Tackling gender-based violence in Nepal

Friday, 23 Nov 2018
Gender based violence affects over a fifth of women in Nepal. Survivors need varied services, ranging from healthcare to safe houses. One Stop Crisis Management Centres have been introduced to coordinate a health systems response, providing an efficient and comprehensive service for those in need.

Gender Based Violence (GBV) has become a national issue in Nepal. Over a quarter of married women have experienced physical, sexual, or emotional violence and two-thirds of victims don’t talk about their experiences or seek help. As a response, the Nepal Ministry of Health and Population (MoHP) has piloted seven hospital-based One Stop Crisis Management Centres (OCMCs). First introduced in 2011, OCMCs coordinate a comprehensive range of services for survivors of GBV, providing not only treatment for physical and psychological ailments, but also offering legal protection, personal security, and rehabilitation services.

The UKAid-funded Nepal Health Sector Support Programme (NHSSP) has provided technical assistance to the MoHP since the inception of the OCMC project. Technical advisors from NHSSP have helped expand and develop the scheme. They have supported the Government of Nepal in devising OCMC operational guidelines and GBV clinical protocols, as well as creating review processes to further strengthen the programme.

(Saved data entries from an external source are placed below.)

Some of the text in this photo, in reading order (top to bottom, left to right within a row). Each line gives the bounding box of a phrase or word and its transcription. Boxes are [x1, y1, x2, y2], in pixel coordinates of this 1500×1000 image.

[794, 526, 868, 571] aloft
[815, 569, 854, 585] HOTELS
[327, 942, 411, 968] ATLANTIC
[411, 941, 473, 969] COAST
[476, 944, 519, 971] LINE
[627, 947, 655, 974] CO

To ensure OCMC services are of a high quality, NHSSP has offered various training sessions. Doctors, nurses, and other staff have been taught basic counselling techniques for GBV survivors, and Training of Trainer sessions have been held to enable trained staff members to pass on their skills. 125 service providers have attended courses held across the country, enabling them to provide on-the-job training to fellow staff members at their respective hospitals. The sessions enhanced their understanding of GBV issues, improved their record-keeping skills, as well as strengthening multi-sectoral coordination within and between health care departments and partners.

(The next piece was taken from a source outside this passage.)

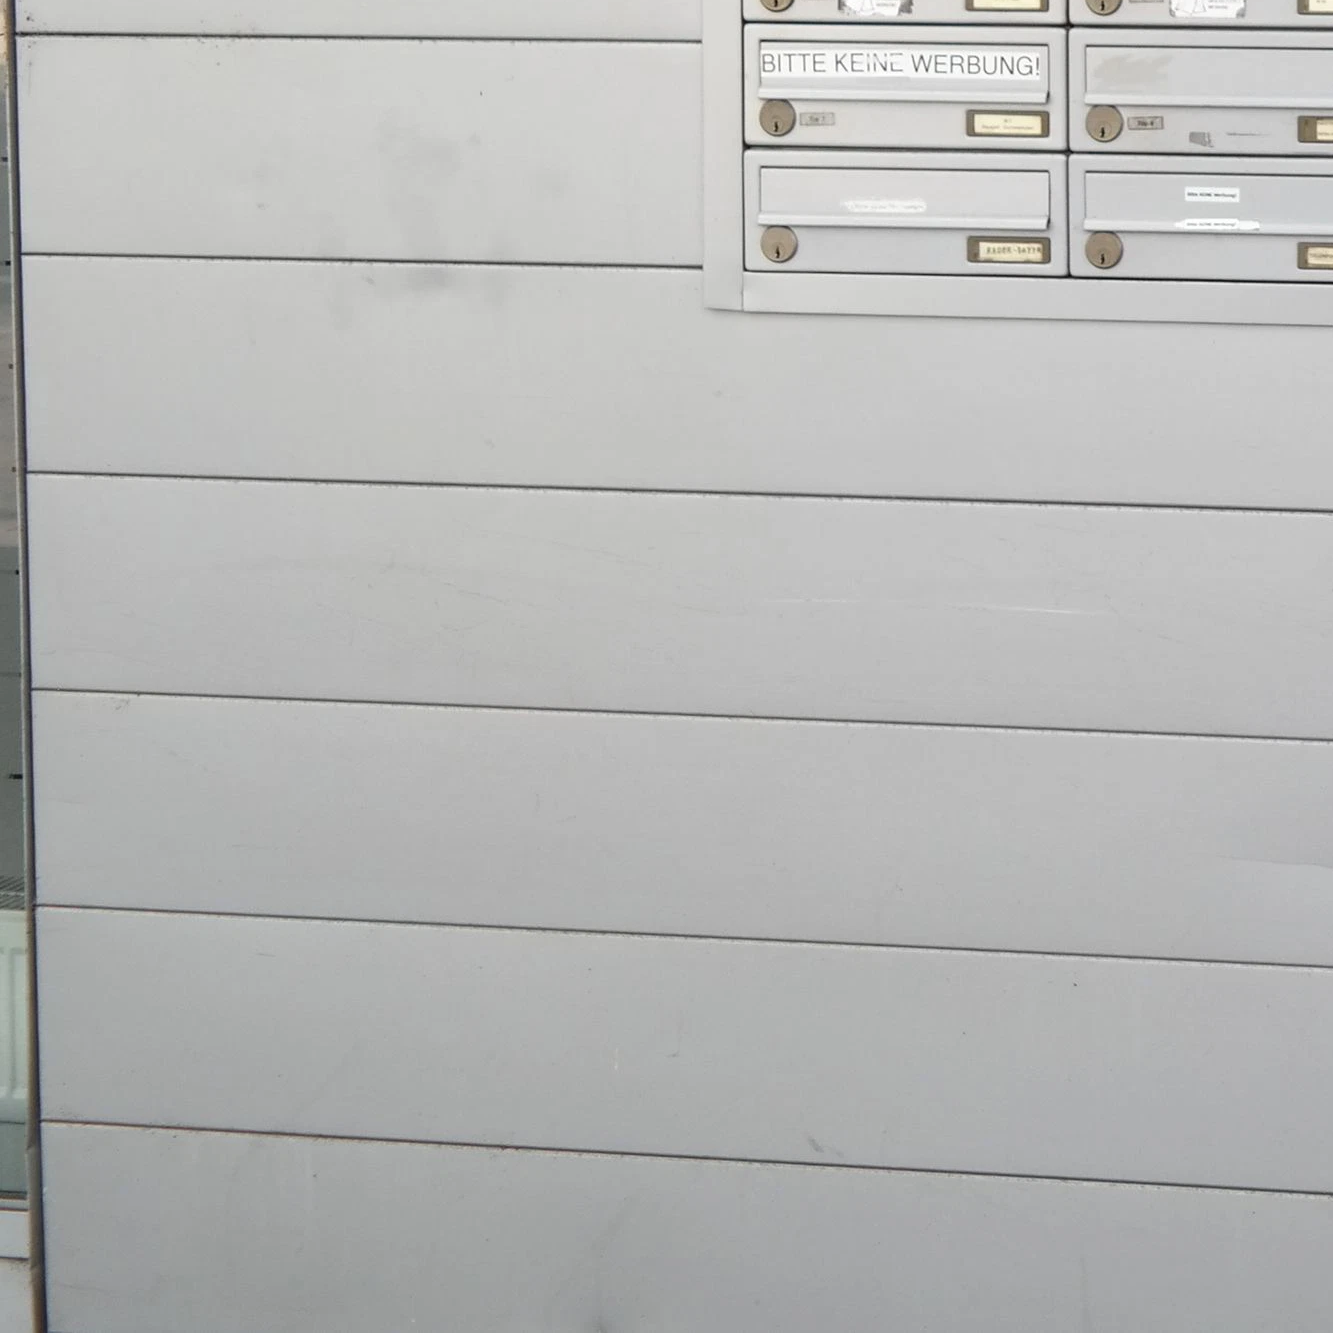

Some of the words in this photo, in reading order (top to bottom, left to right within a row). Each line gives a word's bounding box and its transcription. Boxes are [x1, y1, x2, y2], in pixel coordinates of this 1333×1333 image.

[762, 53, 826, 73] BITTE
[835, 53, 904, 73] KEINE
[911, 54, 1041, 77] WERBUNG!

The programme has received praise from those working with the new OCMCs. “I receive very good support and guidance from NHSSP,” said one Case Management Committee Coordinator from the Dang OCMC. “One day, a woman visited, complaining about an ear problem. During the process of examining and taking her health history, I gently enquired about her pain. At first, she was hesitant and said that it started suddenly, but after some exploring and conversation, she voluntarily divulged that her husband had punched her in the ears. I feel that the OCMC is one of the best options for GBV survivors, where survivors’ multi-faceted issues and needs are addressed.”

One crucial element has been to make OCMCs accessible, by removing barriers faced by women, poor, and excluded people. Various actors and organisations have been involved, including the Prime Minister’s Office and other relevant governmental commissions, helping more than 10,700 people receive support over the last five years.

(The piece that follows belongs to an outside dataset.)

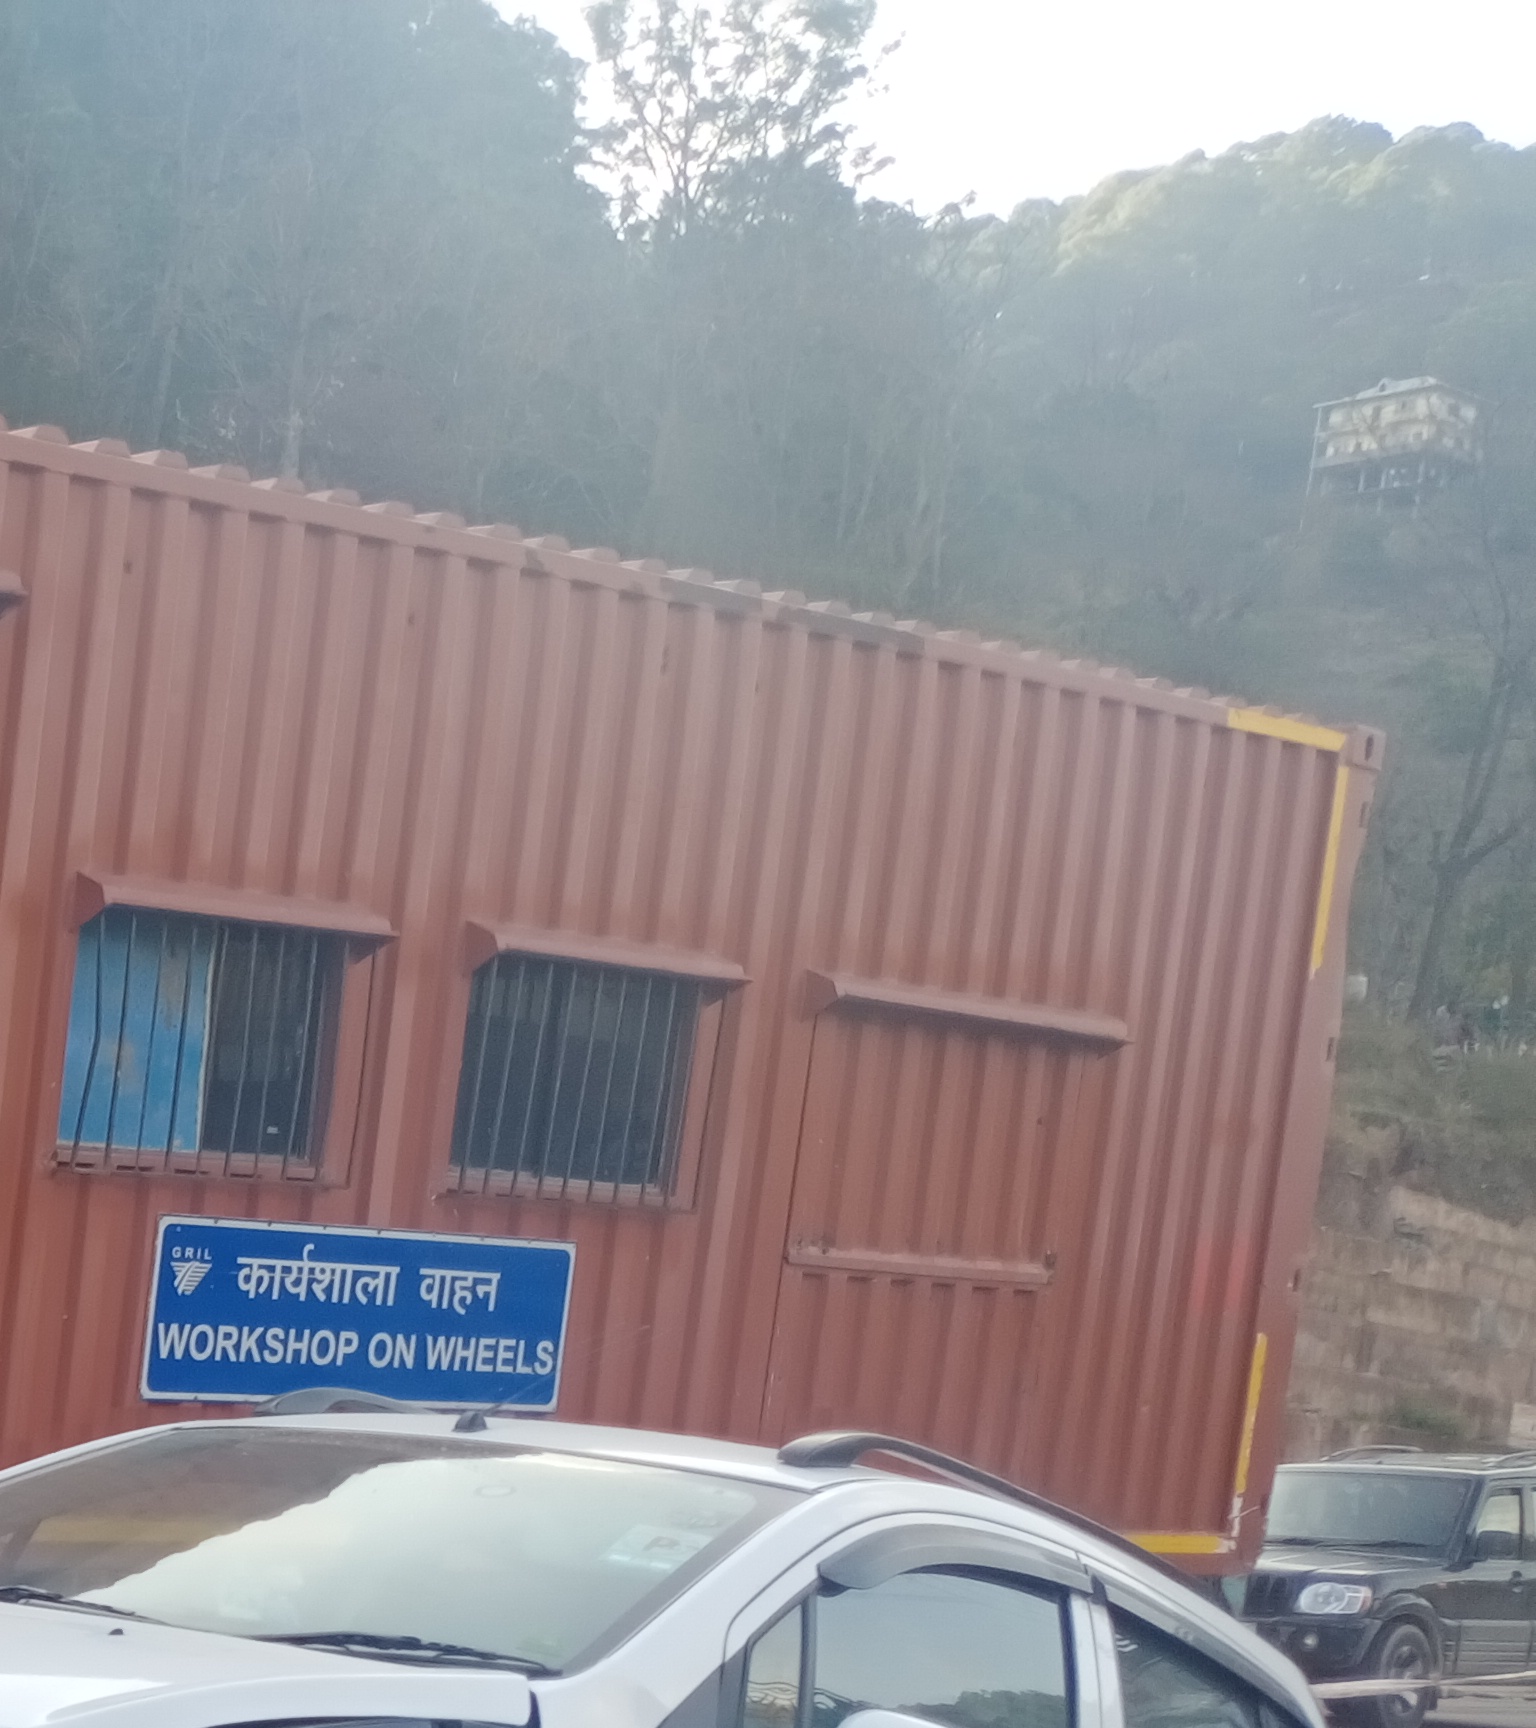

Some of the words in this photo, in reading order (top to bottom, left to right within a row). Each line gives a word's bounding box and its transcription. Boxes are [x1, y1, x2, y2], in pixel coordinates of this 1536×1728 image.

The OCMC project has been scaled up in recent years, with 16 OCMCs being established in 2017 and a further 11 scheduled to open in 2018/19. By 2019, it is expected that 55 OCMCs will be operating in 55 districts, with an official mandate from the Prime Minister’s Office for the establishment of OCMCs in all of Nepal’s 77 districts, suggesting that this trend will continue. This expansion is a result of the integral role OCMCs have played in Nepali hospitals, coordinating with healthcare units and external agencies to develop an effective systems-response to GBV cases.

Now entering its third phase, NHSSP will continue to support the MoHP in monitoring the OCMCs’ functionality and efficiency. The programme also plans to take steps to streamline reporting to ensure the numbers of reported cases of GBV are accurate and to provide medical professionals with training in medico-legal matters and in psychosocial counselling, to further enhance the service provided.